Data shown Block Start
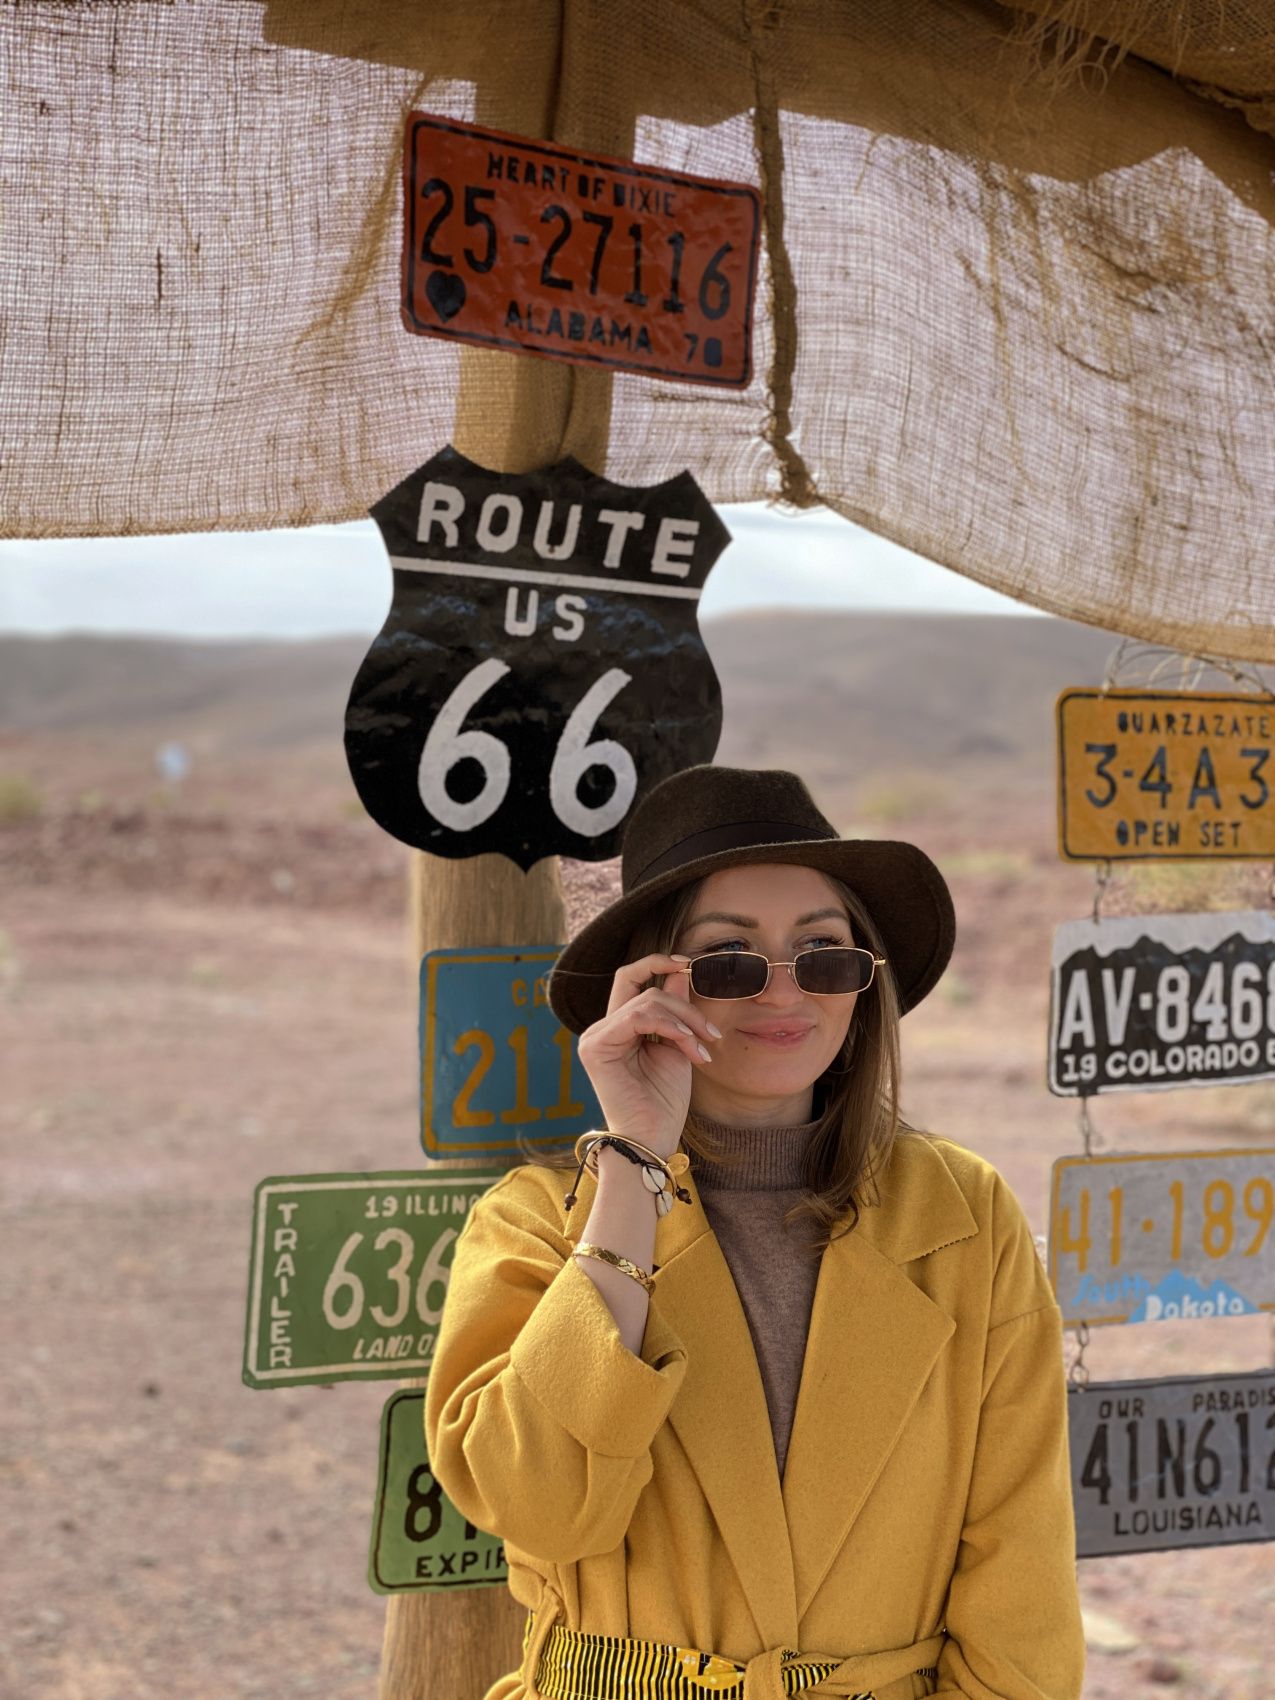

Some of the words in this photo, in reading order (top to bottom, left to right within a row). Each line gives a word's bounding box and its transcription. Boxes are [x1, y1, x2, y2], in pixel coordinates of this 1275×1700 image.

[486, 152, 571, 193] HEART
[578, 175, 606, 199] OF
[614, 182, 676, 218] DIXIE
[421, 178, 734, 320] 25-27116
[505, 300, 654, 354] ALABAMA
[416, 481, 699, 578] ROUTE
[504, 587, 588, 642] US
[417, 657, 638, 838] 66
[1116, 820, 1180, 847] OPEN
[1201, 821, 1243, 848] SET
[1062, 1054, 1098, 1082] 19
[1105, 1041, 1260, 1079] COLORADO
[364, 1195, 399, 1219] 19
[269, 1202, 299, 1368] TRAILER
[322, 1227, 459, 1330] 636
[1145, 1290, 1245, 1321] Dakota
[352, 1334, 415, 1360] LAND
[417, 1333, 437, 1357] O
[1098, 1398, 1145, 1420] OUR
[1114, 1502, 1262, 1537] LOUISIANA
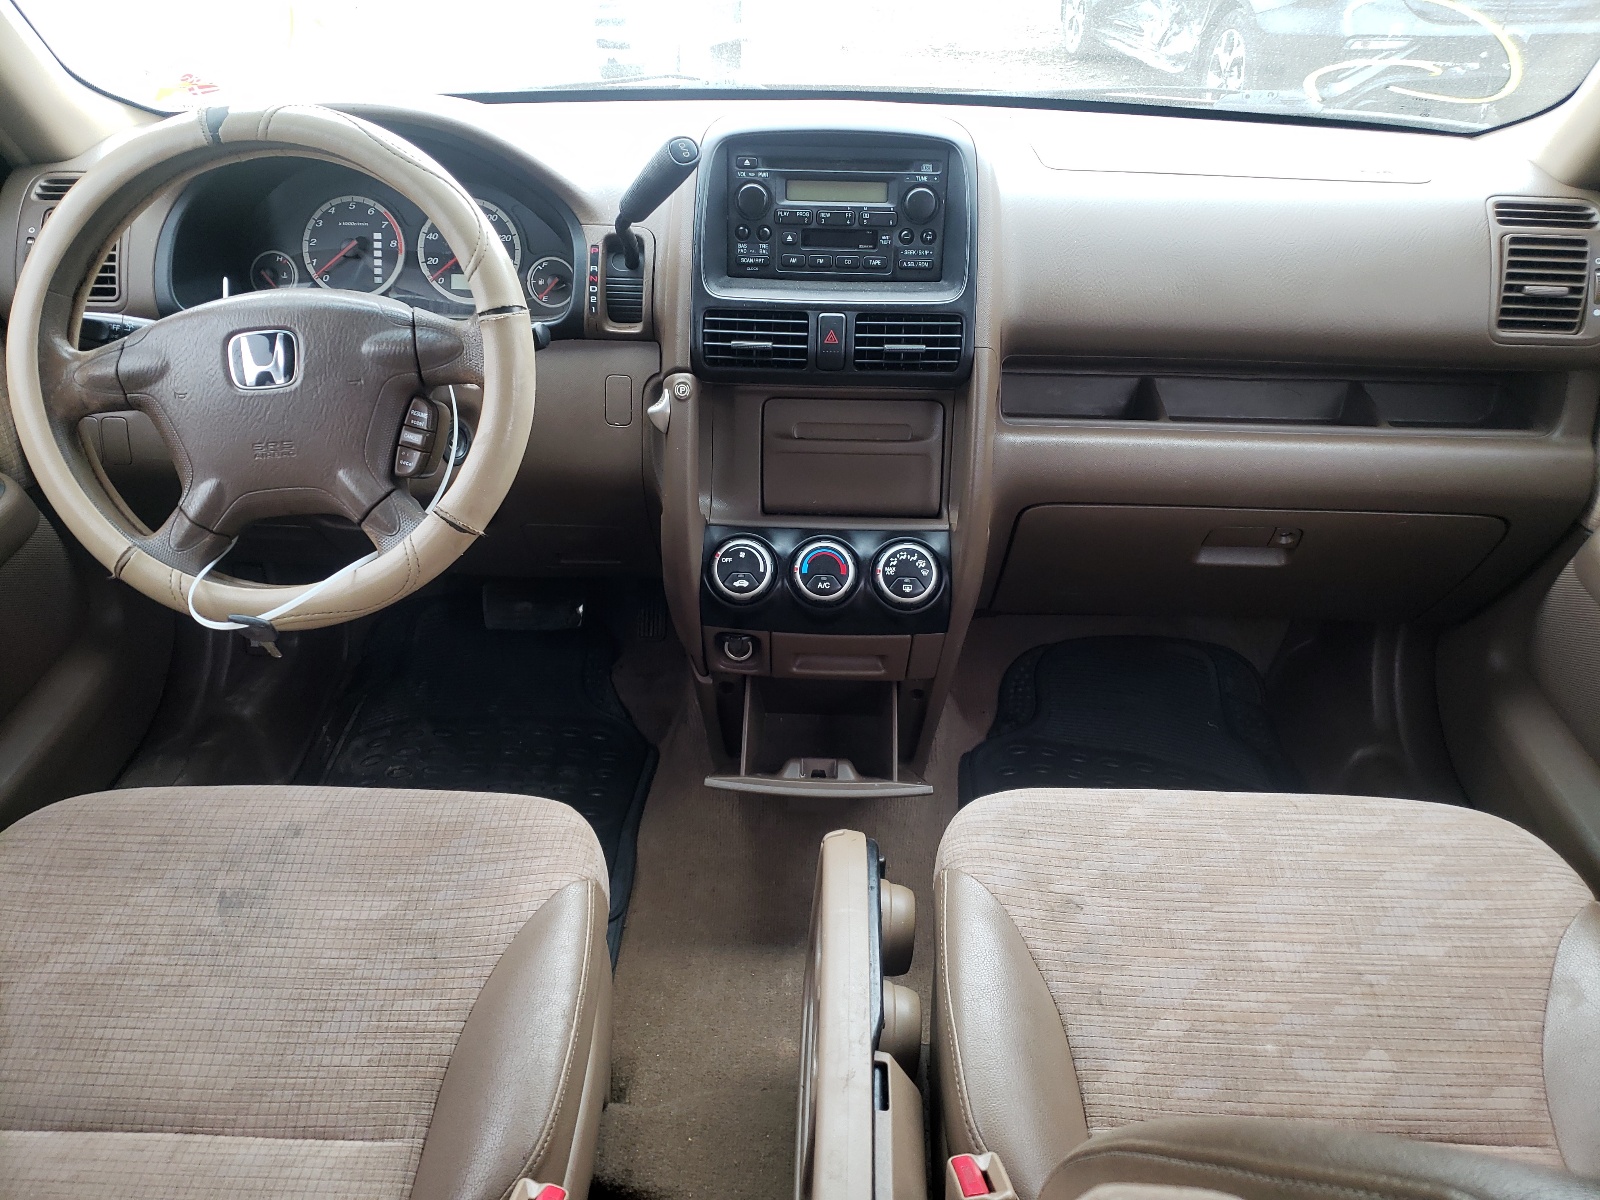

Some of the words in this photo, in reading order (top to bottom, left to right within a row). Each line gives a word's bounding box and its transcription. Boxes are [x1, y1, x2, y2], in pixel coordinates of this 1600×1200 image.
Data shown Block End
Word for word, restate the records shown above, minus the pictures.

Some of the words in this photo, in reading order (top to bottom, left to right within a row). Each line gives a word's bounding box and its transcription. Boxes are [x1, y1, x2, y2], in pixel coordinates of this 1275×1700 image.

[486, 152, 571, 193] HEART
[578, 175, 606, 199] OF
[614, 182, 676, 218] DIXIE
[421, 178, 734, 320] 25-27116
[505, 300, 654, 354] ALABAMA
[416, 481, 699, 578] ROUTE
[504, 587, 588, 642] US
[417, 657, 638, 838] 66
[1116, 820, 1180, 847] OPEN
[1201, 821, 1243, 848] SET
[1062, 1054, 1098, 1082] 19
[1105, 1041, 1260, 1079] COLORADO
[364, 1195, 399, 1219] 19
[269, 1202, 299, 1368] TRAILER
[322, 1227, 459, 1330] 636
[1145, 1290, 1245, 1321] Dakota
[352, 1334, 415, 1360] LAND
[417, 1333, 437, 1357] O
[1098, 1398, 1145, 1420] OUR
[1114, 1502, 1262, 1537] LOUISIANA

Some of the words in this photo, in reading order (top to bottom, left to right within a row). Each line gives a word's bounding box and its transcription. Boxes are [x1, y1, x2, y2], in pixel coordinates of this 1600×1200 image.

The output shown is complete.